- Written by: Kent Staines
- Directed by: Stefan Scaini
- Starring: Mark Rendall Graham Greene Katie Stuart Ed Begley, Jr.
- Country of origin: Canada
- Original language: English

Production
- Running time: 92 minutes
- Production company: Screen Door

Original release
- Release: 2005

= Spirit Bear: The Simon Jackson Story =

2005 television film

Spirit Bear: The Simon Jackson Story is a 2005 independent Canadian film based on the real life campaign by Spirit Bear Youth Coalition founder Simon Jackson to save the habitat of the Kermode bear. It stars Mark Rendall as Jackson, Katie Stuart as his love interest, Graham Greene, and Ed Begley, Jr.

==Plot==
Simon Jackson is an awkward high school teenager who befriends a white bear that saves his life. He learns that the bear is endangered by the destruction of its habitat from logging and grows out of his shell to launch a campaign to the government to protect the bear.

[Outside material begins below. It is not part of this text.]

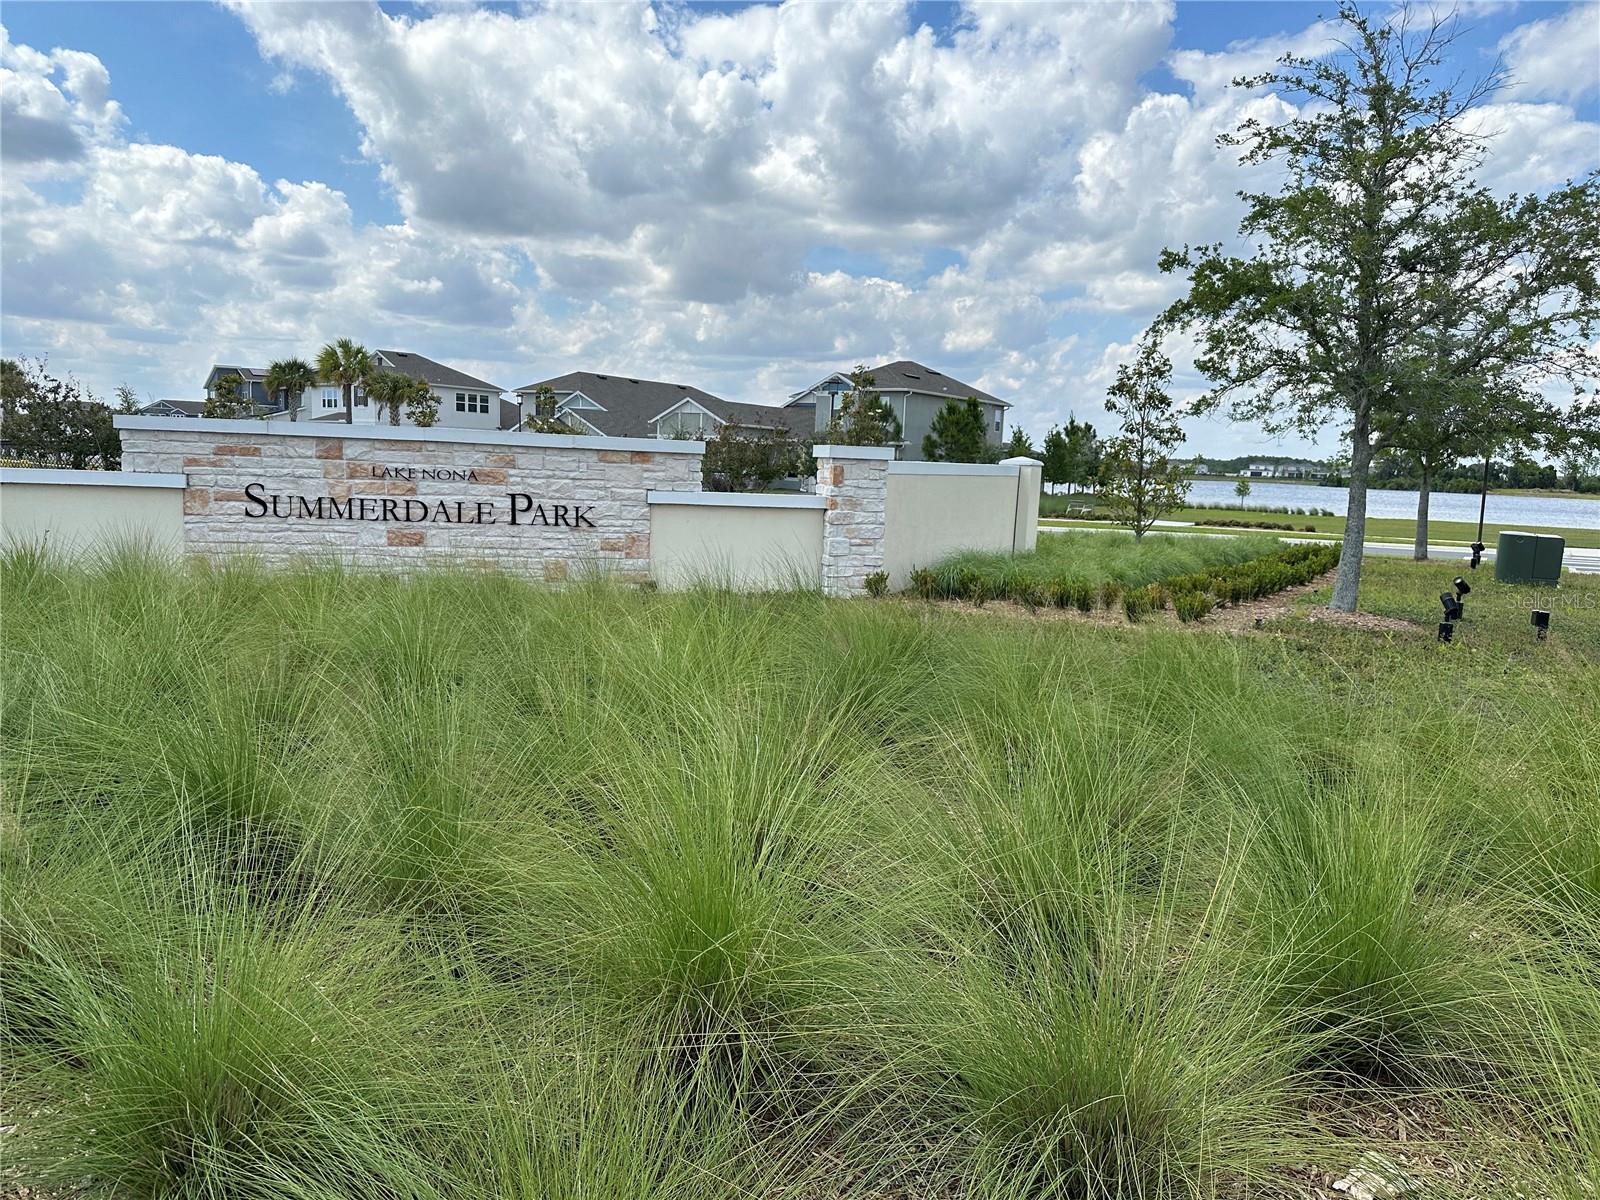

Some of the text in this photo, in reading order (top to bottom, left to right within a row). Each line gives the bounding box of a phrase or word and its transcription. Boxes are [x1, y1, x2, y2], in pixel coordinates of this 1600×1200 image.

[371, 465, 479, 482] LAKE NONA
[244, 482, 597, 528] SUMMERDALE PARK

He then learns about the hardships of a campaign but succeeds with the help of his friend, Lloyd Blackburn, and his supporters. The movie is based on Simon Jackson and his help with protecting the spirit bear in real life.

==Awards==
The movie won the Audience Choice Award for Best Feature Film at the Sprockets children's film festival in 2005.